**TO DO**: Print back each record unchanged, without pictures.

[Free-text object descriptions]
----
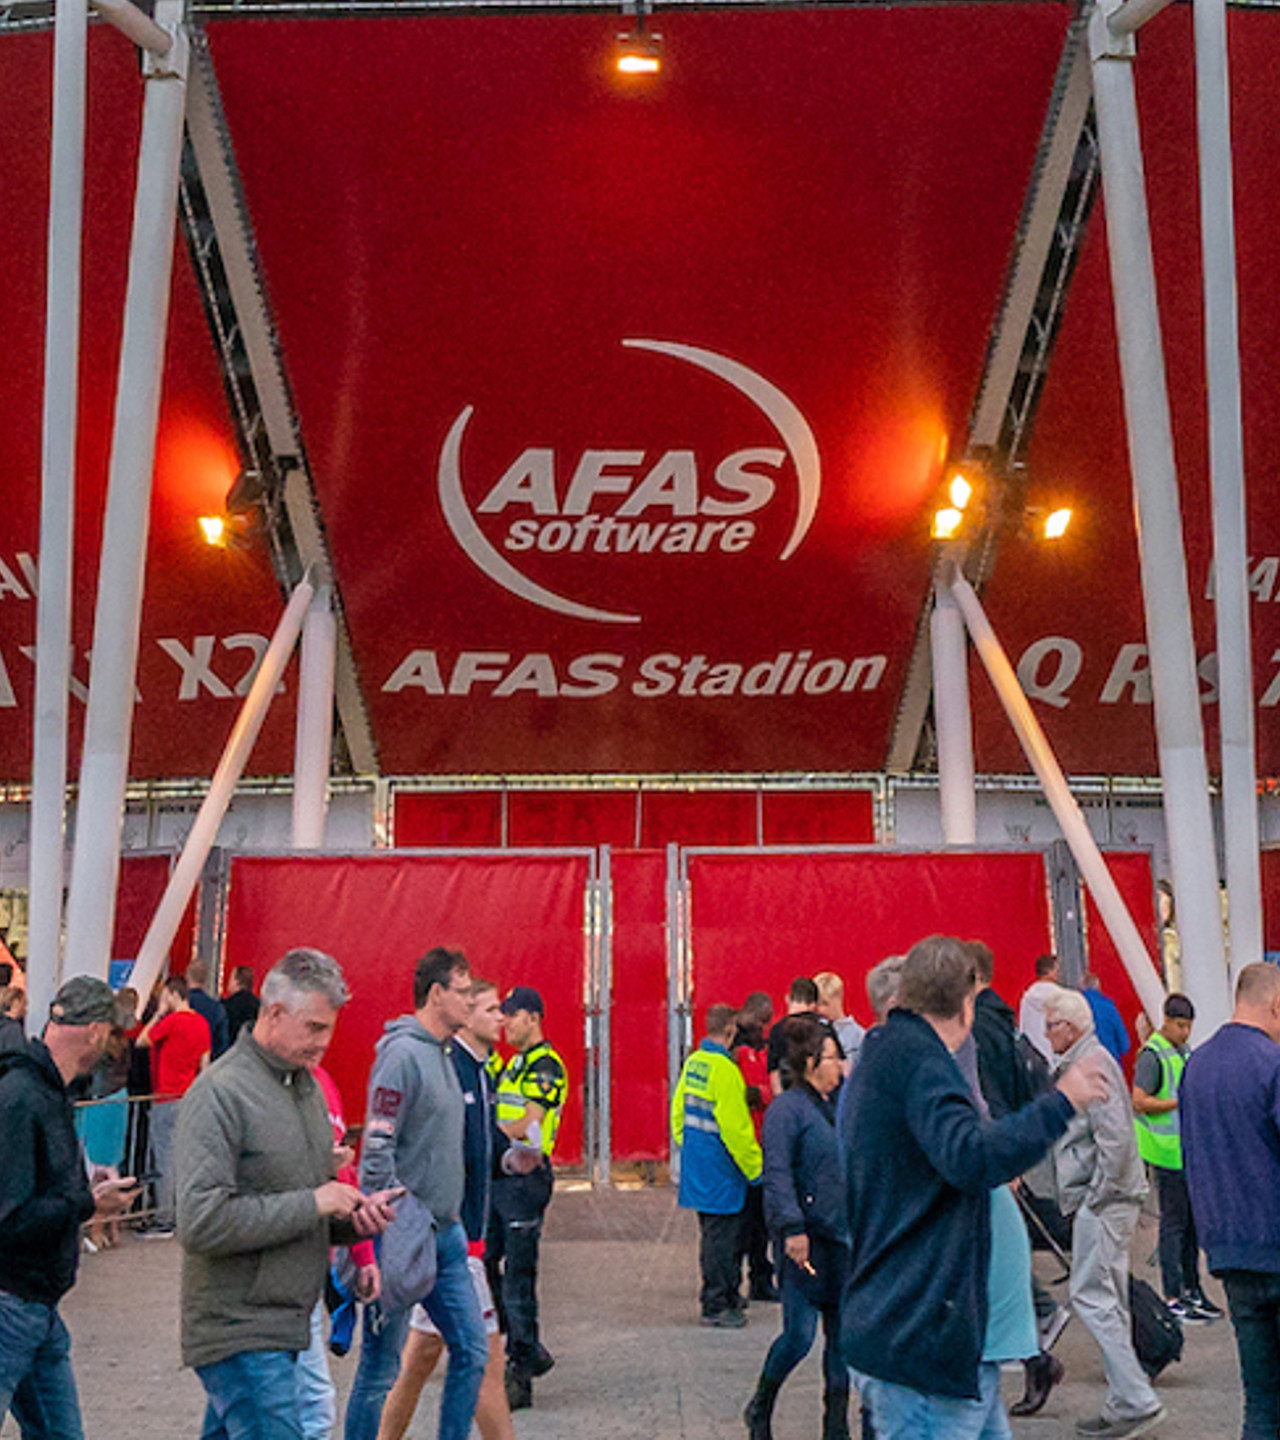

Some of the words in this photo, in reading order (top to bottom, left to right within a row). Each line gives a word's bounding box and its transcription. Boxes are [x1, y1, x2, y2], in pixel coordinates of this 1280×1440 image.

[476, 447, 787, 517] AFAS
[504, 514, 757, 553] software
[381, 649, 623, 698] AFAS
[631, 650, 888, 698] Stadion
----
**TASK RESPONSE**:
Some of the words in this photo, in reading order (top to bottom, left to right within a row). Each line gives a word's bounding box and its transcription. Boxes are [x1, y1, x2, y2], in pixel coordinates of this 1280×1440 image.

[476, 447, 787, 517] AFAS
[504, 514, 757, 553] software
[381, 649, 623, 698] AFAS
[631, 650, 888, 698] Stadion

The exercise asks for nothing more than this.